[Collected data entries]
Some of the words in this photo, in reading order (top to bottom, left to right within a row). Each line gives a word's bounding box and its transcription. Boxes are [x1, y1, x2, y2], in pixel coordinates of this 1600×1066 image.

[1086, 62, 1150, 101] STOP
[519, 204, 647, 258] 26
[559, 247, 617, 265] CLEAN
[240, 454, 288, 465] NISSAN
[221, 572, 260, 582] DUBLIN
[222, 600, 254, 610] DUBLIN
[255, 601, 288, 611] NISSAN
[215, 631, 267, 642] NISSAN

* INSTRUCTIONS TO FOLLOW:
Could you return the data above exactly as it stands?

* WORKED SOLUTION:
Some of the words in this photo, in reading order (top to bottom, left to right within a row). Each line gives a word's bounding box and its transcription. Boxes are [x1, y1, x2, y2], in pixel coordinates of this 1600×1066 image.

[1086, 62, 1150, 101] STOP
[519, 204, 647, 258] 26
[559, 247, 617, 265] CLEAN
[240, 454, 288, 465] NISSAN
[221, 572, 260, 582] DUBLIN
[222, 600, 254, 610] DUBLIN
[255, 601, 288, 611] NISSAN
[215, 631, 267, 642] NISSAN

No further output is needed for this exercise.